Oral and Maxillofacial Surgery, Kings College Hospital, London, GBR.
Cureus. 2024 Dec 18;16(12):e75961. doi: 10.7759/cureus.75961. eCollection 2024 Dec.
Background It is recognised that large language models (LLMs) may aid medical education by supporting the understanding of explanations behind answers to multiple choice questions. This study aimed to evaluate the efficacy of LLM chatbots ChatGPT and Bard in answering an Intermediate Life Support pre-course multiple choice question (MCQs) test developed by the Resuscitation Council UK focused on managing deteriorating patients and identifying causes and treating cardiac arrest. We assessed the accuracy of responses and quality of explanations to evaluate the utility of the chatbots. Methods The performance of the AI chatbots ChatGPT-3.5 and Bard were assessed on their ability to choose the correct answer and provide clear comprehensive explanations in answering MCQs developed by the Resuscitation Council UK for their Intermediate Life Support Course. Ten MCQs were tested with a total score of 40, with one point scored for each accurate response to each statement a-d. In a separate scoring, questions were scored out of 1 if all sub-statements a-d were correct, to give a total score out of 10 for the test. The explanations provided by the AI chatbots were evaluated by three qualified physicians as per a rating scale from 0-3 for each overall question and median rater scores calculated and compared. The Fleiss multi-rater kappa (κ) was used to determine the score agreement among the three raters. Results When scoring each overall question to give a total score out of 10, Bard outperformed ChatGPT although the difference was not significant (p=0.37).
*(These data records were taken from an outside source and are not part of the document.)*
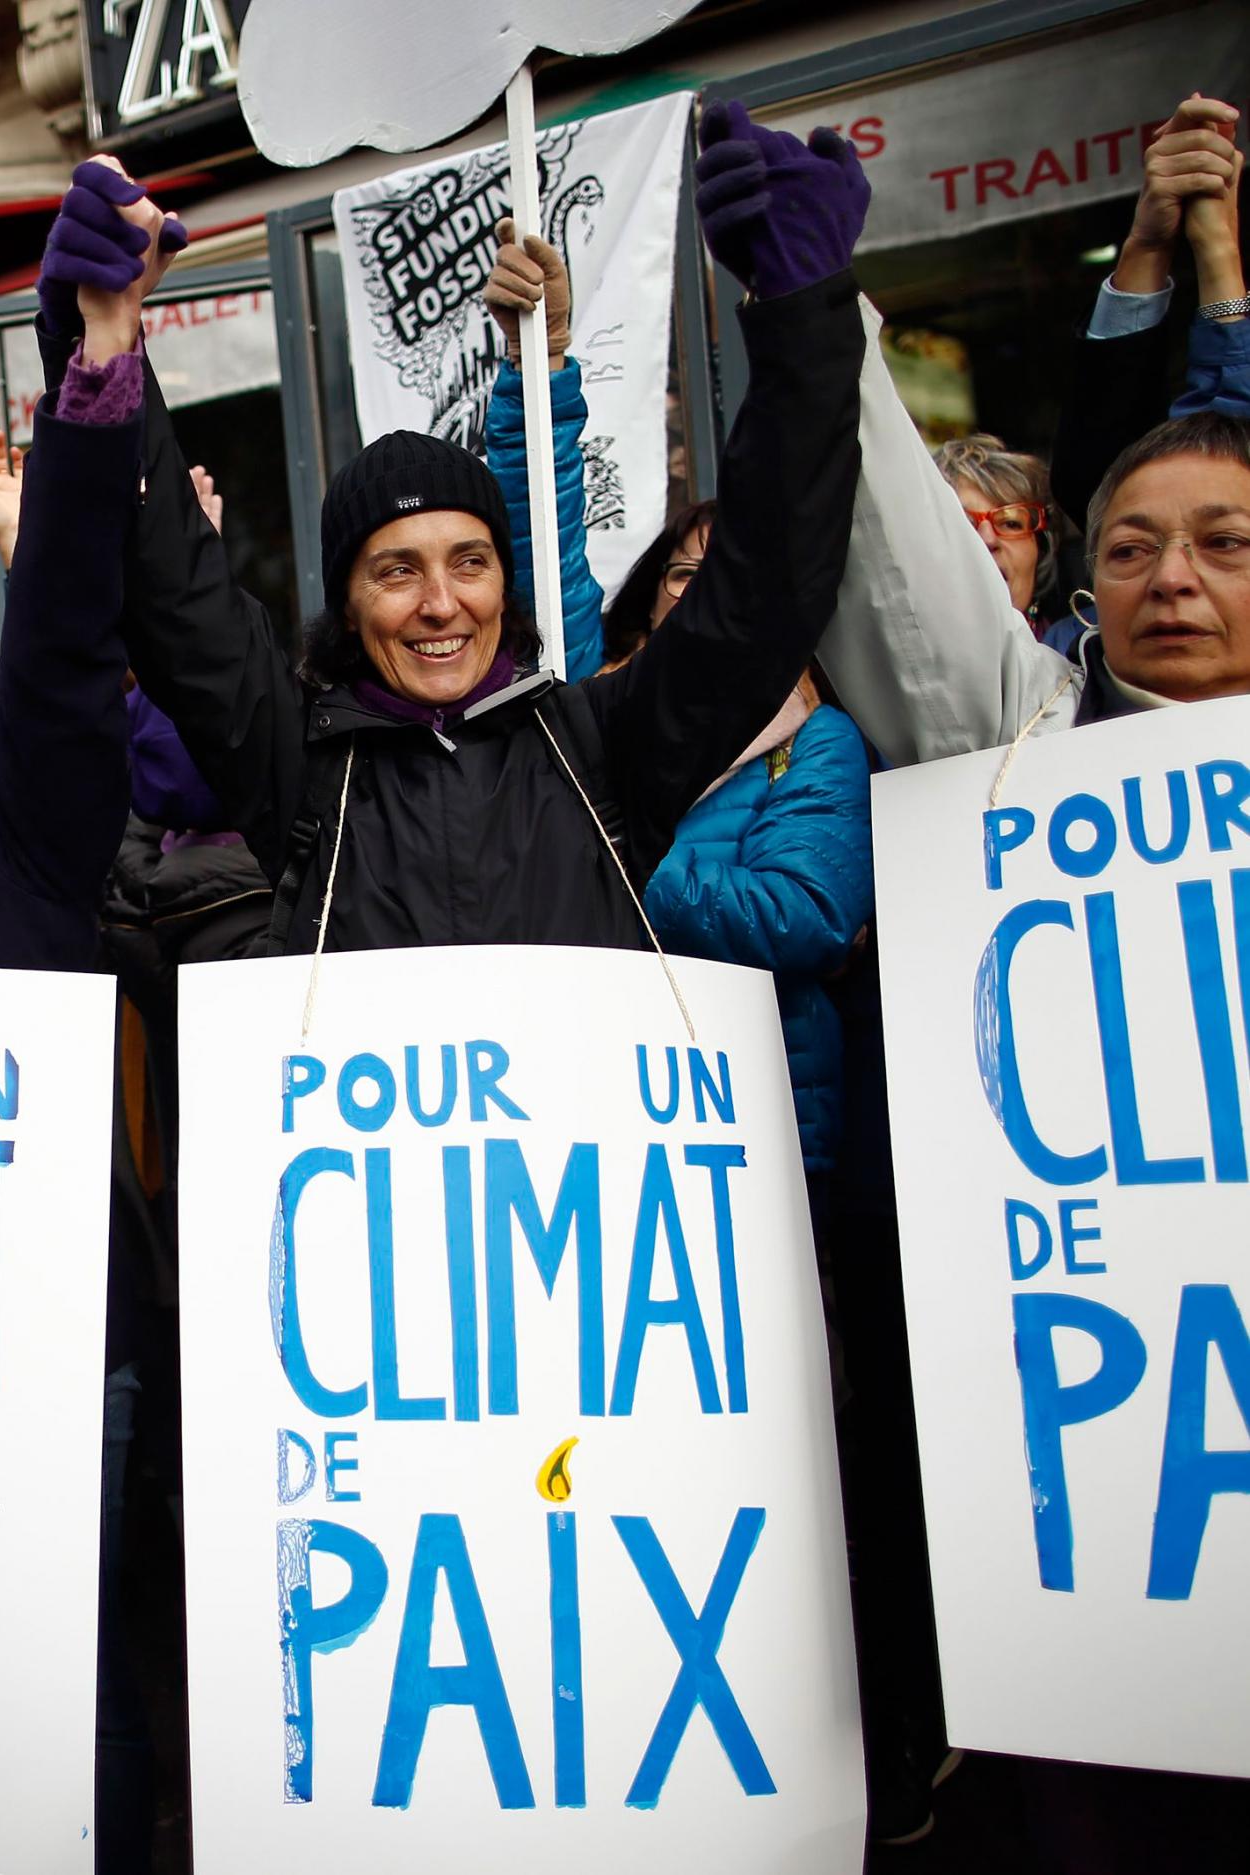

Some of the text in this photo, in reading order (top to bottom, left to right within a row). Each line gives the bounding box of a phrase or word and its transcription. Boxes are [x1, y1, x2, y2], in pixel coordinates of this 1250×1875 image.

[375, 174, 456, 261] STOP
[386, 176, 514, 299] FUNDIN
[981, 758, 1250, 890] POUR
[281, 1038, 735, 1134] POUR UN
[973, 867, 1250, 1187] CLI
[268, 1138, 750, 1422] CLIMAT
[1004, 1197, 1107, 1281] DE
[276, 1428, 361, 1507] DE
[275, 1507, 778, 1812] PAIX
Furthermore, there was no statistically significant difference in the performance of ChatGPT compared to Bard when scoring each sub-question separately to give a total score out of 40 (p=0.26). The qualities of explanations were similar for both LLMs. Importantly, despite answering certain questions incorrectly, both AI chatbots provided some useful correct information in their explanations of the answers to these questions. The Fleiss multi-rater kappa was 0.899 (p<0.001) for ChatGPT and 0.801 (p<0.001) for Bard. Conclusions The performances of both Bard and ChatGPT were similar in answering the MCQs with similar scores achieved. Notably, despite having access to data across the web, neither of the LLMs answered all questions accurately. This suggests that there is still learning required of AI models in medical education.
背景 人们认识到,大语言模型(LLMs)可以通过支持对多项选择题答案背后的解释的理解来辅助医学教育。本研究旨在评估大语言模型聊天机器人ChatGPT和Bard在回答由英国复苏委员会开发的中级生命支持课程前多项选择题(MCQs)测试中的效果,该测试聚焦于管理病情恶化的患者以及识别心脏骤停的原因和进行治疗。我们评估了回答的准确性和解释的质量,以评估聊天机器人的效用。方法 对人工智能聊天机器人ChatGPT-3.5和Bard在选择正确答案以及为英国复苏委员会为其中级生命支持课程开发的多项选择题提供清晰全面解释方面的能力进行了评估。测试了10道多项选择题,总分40分,对每个陈述a - d的每个正确回答得1分。在另一种评分方式中,如果陈述a - d全部正确,则该问题得1分,测试总分为10分。由三位合格的医生根据从0到3的评分量表对人工智能聊天机器人提供的解释进行评估,计算并比较评分者的中位数分数。使用Fleiss多评分者kappa(κ)来确定三位评分者之间的分数一致性。结果 当对每个整体问题评分以得出总分10分时,Bard的表现优于ChatGPT,尽管差异不显著(p = 0.37)。此外,当分别对每个子问题评分以得出总分40分时,ChatGPT与Bard的表现没有统计学上的显著差异(p = 0.26)。两种大语言模型的解释质量相似。重要的是,尽管某些问题回答错误,但两个人工智能聊天机器人在对这些问题答案的解释中都提供了一些有用的正确信息。ChatGPT的Fleiss多评分者kappa为0.899(p < 0.001),Bard的为0.801(p < 0.001)。结论 Bard和ChatGPT在回答多项选择题时表现相似,得分相近。值得注意的是,尽管可以访问网络上的数据,但两个大语言模型都没有准确回答所有问题。这表明在医学教育中,人工智能模型仍需学习。